Required work.
The output should be the line containing "this 960×1280 image." and every later line of the records, exactly as written, and nothing else.

**** Entries shown ****

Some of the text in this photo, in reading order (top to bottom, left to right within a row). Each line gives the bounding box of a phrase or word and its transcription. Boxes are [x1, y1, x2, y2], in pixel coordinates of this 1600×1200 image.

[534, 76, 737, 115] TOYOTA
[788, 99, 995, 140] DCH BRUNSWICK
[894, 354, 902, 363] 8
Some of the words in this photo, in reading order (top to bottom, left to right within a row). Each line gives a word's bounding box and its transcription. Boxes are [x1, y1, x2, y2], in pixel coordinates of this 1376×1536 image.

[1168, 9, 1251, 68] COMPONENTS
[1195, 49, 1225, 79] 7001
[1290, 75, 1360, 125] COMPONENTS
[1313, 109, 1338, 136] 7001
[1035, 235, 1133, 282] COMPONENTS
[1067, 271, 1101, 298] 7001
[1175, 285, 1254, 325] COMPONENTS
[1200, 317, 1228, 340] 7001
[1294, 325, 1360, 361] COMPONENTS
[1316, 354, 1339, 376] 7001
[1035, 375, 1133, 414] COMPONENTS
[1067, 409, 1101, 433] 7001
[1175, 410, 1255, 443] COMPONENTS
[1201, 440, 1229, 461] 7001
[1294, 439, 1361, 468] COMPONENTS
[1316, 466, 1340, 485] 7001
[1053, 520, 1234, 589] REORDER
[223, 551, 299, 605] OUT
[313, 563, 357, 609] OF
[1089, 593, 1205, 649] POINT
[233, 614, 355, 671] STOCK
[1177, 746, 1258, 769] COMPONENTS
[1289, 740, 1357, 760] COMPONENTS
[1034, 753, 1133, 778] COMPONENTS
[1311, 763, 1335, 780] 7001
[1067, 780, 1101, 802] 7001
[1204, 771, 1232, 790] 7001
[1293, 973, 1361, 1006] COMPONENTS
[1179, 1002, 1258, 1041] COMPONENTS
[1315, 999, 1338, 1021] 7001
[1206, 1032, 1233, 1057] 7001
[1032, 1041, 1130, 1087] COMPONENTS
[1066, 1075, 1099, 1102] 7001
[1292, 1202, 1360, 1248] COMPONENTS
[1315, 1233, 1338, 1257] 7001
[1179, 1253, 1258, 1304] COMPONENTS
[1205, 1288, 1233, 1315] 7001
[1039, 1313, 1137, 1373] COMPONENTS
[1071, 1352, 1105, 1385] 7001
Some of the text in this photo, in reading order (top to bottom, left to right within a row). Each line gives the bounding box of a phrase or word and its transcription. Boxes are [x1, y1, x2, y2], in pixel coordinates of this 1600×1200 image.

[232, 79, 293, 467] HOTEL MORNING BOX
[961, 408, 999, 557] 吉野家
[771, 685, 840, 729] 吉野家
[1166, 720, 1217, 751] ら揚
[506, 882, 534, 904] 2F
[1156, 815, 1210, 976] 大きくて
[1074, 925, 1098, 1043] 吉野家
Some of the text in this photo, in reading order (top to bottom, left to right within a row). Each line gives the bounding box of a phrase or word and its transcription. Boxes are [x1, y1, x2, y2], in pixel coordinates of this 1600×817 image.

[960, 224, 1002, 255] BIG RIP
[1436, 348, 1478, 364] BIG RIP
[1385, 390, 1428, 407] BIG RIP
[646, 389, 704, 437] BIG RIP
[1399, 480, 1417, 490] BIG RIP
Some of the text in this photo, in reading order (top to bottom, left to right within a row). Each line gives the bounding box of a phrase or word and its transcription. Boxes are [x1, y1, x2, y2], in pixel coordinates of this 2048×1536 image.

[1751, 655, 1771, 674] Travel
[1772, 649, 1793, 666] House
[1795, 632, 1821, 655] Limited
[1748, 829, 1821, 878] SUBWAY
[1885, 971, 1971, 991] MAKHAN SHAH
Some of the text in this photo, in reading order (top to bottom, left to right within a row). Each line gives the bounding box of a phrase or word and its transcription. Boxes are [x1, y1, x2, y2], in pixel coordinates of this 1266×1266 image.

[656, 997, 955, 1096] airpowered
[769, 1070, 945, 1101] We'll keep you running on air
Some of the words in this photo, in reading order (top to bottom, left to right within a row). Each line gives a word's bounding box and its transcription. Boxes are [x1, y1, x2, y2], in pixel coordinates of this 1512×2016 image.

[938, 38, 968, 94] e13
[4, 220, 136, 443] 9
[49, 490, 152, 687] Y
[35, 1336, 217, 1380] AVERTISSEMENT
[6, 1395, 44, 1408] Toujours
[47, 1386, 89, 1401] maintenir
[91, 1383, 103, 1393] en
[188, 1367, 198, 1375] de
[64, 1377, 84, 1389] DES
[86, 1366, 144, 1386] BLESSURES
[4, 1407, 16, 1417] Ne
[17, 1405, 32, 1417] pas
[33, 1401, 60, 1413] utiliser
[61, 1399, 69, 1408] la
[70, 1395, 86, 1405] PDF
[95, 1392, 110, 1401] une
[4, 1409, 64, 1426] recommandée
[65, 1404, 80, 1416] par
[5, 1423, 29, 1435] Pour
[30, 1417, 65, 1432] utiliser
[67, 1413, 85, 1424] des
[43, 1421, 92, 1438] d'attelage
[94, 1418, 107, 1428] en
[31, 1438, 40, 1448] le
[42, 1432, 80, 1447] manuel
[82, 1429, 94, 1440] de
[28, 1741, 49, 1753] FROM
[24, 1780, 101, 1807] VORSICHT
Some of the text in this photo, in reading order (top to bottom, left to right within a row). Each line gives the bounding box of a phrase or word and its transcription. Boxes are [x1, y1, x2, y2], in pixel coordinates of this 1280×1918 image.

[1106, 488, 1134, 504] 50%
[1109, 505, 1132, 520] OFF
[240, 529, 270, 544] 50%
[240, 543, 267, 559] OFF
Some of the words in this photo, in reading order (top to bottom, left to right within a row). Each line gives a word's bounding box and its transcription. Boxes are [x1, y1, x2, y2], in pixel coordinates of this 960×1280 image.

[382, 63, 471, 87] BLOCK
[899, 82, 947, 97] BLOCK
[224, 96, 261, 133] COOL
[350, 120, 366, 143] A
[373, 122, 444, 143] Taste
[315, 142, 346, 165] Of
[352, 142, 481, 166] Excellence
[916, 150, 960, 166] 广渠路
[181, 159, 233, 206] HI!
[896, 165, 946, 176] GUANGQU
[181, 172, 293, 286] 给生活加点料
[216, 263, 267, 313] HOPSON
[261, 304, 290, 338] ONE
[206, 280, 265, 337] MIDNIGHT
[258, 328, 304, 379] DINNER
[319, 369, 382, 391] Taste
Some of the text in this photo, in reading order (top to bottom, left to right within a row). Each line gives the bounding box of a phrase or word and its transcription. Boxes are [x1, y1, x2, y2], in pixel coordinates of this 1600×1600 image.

****

Task answer.
Some of the words in this photo, in reading order (top to bottom, left to right within a row). Each line gives a word's bounding box and its transcription. Boxes are [x1, y1, x2, y2], in pixel coordinates of this 960×1280 image.

[382, 63, 471, 87] BLOCK
[899, 82, 947, 97] BLOCK
[224, 96, 261, 133] COOL
[350, 120, 366, 143] A
[373, 122, 444, 143] Taste
[315, 142, 346, 165] Of
[352, 142, 481, 166] Excellence
[916, 150, 960, 166] 广渠路
[181, 159, 233, 206] HI!
[896, 165, 946, 176] GUANGQU
[181, 172, 293, 286] 给生活加点料
[216, 263, 267, 313] HOPSON
[261, 304, 290, 338] ONE
[206, 280, 265, 337] MIDNIGHT
[258, 328, 304, 379] DINNER
[319, 369, 382, 391] Taste
Some of the text in this photo, in reading order (top to bottom, left to right within a row). Each line gives the bounding box of a phrase or word and its transcription. Boxes are [x1, y1, x2, y2], in pixel coordinates of this 1600×1600 image.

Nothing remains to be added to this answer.